# DATA FOR PROCESSING
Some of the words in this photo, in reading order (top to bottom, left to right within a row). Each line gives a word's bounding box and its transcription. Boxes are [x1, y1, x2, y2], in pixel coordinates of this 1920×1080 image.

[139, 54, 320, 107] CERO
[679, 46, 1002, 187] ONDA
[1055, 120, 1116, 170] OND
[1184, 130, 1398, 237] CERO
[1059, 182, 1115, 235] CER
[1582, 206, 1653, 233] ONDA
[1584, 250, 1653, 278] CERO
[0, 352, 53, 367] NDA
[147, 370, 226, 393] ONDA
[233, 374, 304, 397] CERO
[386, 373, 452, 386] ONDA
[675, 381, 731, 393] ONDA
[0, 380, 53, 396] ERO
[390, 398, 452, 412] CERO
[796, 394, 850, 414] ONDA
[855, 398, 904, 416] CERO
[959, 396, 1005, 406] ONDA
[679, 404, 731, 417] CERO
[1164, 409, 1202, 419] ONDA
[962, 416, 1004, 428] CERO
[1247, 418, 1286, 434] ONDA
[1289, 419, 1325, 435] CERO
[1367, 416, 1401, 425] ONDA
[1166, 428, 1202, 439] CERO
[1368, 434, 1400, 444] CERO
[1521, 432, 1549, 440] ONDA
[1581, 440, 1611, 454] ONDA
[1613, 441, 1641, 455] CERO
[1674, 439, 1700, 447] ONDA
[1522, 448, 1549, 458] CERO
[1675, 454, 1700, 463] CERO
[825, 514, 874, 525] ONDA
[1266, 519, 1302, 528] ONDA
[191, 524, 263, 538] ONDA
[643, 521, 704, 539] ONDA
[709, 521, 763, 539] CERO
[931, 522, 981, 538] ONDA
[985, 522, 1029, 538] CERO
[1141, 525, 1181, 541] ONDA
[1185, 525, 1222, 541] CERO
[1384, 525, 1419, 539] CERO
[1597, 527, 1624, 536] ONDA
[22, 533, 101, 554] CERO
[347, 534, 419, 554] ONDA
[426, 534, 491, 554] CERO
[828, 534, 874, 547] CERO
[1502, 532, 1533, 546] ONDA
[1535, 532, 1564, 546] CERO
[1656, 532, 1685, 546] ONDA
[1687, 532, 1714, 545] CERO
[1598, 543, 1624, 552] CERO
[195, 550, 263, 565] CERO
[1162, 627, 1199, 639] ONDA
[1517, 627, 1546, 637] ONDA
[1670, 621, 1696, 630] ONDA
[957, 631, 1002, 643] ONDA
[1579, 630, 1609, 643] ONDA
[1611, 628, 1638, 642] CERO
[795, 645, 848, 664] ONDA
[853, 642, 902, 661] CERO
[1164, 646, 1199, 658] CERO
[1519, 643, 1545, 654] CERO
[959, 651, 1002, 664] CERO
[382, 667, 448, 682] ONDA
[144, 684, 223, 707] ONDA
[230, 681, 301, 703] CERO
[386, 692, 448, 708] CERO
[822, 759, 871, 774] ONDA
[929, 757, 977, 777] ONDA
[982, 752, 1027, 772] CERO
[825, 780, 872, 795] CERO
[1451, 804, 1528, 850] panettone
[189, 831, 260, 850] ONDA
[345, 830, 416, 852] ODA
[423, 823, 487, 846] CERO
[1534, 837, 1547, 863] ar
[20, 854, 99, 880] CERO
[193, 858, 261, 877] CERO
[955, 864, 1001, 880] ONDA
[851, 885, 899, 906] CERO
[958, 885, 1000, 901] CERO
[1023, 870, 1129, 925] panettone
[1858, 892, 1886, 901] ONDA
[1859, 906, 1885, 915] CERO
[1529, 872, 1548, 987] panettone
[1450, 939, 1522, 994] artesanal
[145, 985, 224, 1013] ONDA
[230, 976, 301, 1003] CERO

# PROBLEM REQUIREMENTS
The response has to match the data exactly, line for line.

# COMPLETED TASK
Some of the words in this photo, in reading order (top to bottom, left to right within a row). Each line gives a word's bounding box and its transcription. Boxes are [x1, y1, x2, y2], in pixel coordinates of this 1920×1080 image.

[139, 54, 320, 107] CERO
[679, 46, 1002, 187] ONDA
[1055, 120, 1116, 170] OND
[1184, 130, 1398, 237] CERO
[1059, 182, 1115, 235] CER
[1582, 206, 1653, 233] ONDA
[1584, 250, 1653, 278] CERO
[0, 352, 53, 367] NDA
[147, 370, 226, 393] ONDA
[233, 374, 304, 397] CERO
[386, 373, 452, 386] ONDA
[675, 381, 731, 393] ONDA
[0, 380, 53, 396] ERO
[390, 398, 452, 412] CERO
[796, 394, 850, 414] ONDA
[855, 398, 904, 416] CERO
[959, 396, 1005, 406] ONDA
[679, 404, 731, 417] CERO
[1164, 409, 1202, 419] ONDA
[962, 416, 1004, 428] CERO
[1247, 418, 1286, 434] ONDA
[1289, 419, 1325, 435] CERO
[1367, 416, 1401, 425] ONDA
[1166, 428, 1202, 439] CERO
[1368, 434, 1400, 444] CERO
[1521, 432, 1549, 440] ONDA
[1581, 440, 1611, 454] ONDA
[1613, 441, 1641, 455] CERO
[1674, 439, 1700, 447] ONDA
[1522, 448, 1549, 458] CERO
[1675, 454, 1700, 463] CERO
[825, 514, 874, 525] ONDA
[1266, 519, 1302, 528] ONDA
[191, 524, 263, 538] ONDA
[643, 521, 704, 539] ONDA
[709, 521, 763, 539] CERO
[931, 522, 981, 538] ONDA
[985, 522, 1029, 538] CERO
[1141, 525, 1181, 541] ONDA
[1185, 525, 1222, 541] CERO
[1384, 525, 1419, 539] CERO
[1597, 527, 1624, 536] ONDA
[22, 533, 101, 554] CERO
[347, 534, 419, 554] ONDA
[426, 534, 491, 554] CERO
[828, 534, 874, 547] CERO
[1502, 532, 1533, 546] ONDA
[1535, 532, 1564, 546] CERO
[1656, 532, 1685, 546] ONDA
[1687, 532, 1714, 545] CERO
[1598, 543, 1624, 552] CERO
[195, 550, 263, 565] CERO
[1162, 627, 1199, 639] ONDA
[1517, 627, 1546, 637] ONDA
[1670, 621, 1696, 630] ONDA
[957, 631, 1002, 643] ONDA
[1579, 630, 1609, 643] ONDA
[1611, 628, 1638, 642] CERO
[795, 645, 848, 664] ONDA
[853, 642, 902, 661] CERO
[1164, 646, 1199, 658] CERO
[1519, 643, 1545, 654] CERO
[959, 651, 1002, 664] CERO
[382, 667, 448, 682] ONDA
[144, 684, 223, 707] ONDA
[230, 681, 301, 703] CERO
[386, 692, 448, 708] CERO
[822, 759, 871, 774] ONDA
[929, 757, 977, 777] ONDA
[982, 752, 1027, 772] CERO
[825, 780, 872, 795] CERO
[1451, 804, 1528, 850] panettone
[189, 831, 260, 850] ONDA
[345, 830, 416, 852] ODA
[423, 823, 487, 846] CERO
[1534, 837, 1547, 863] ar
[20, 854, 99, 880] CERO
[193, 858, 261, 877] CERO
[955, 864, 1001, 880] ONDA
[851, 885, 899, 906] CERO
[958, 885, 1000, 901] CERO
[1023, 870, 1129, 925] panettone
[1858, 892, 1886, 901] ONDA
[1859, 906, 1885, 915] CERO
[1529, 872, 1548, 987] panettone
[1450, 939, 1522, 994] artesanal
[145, 985, 224, 1013] ONDA
[230, 976, 301, 1003] CERO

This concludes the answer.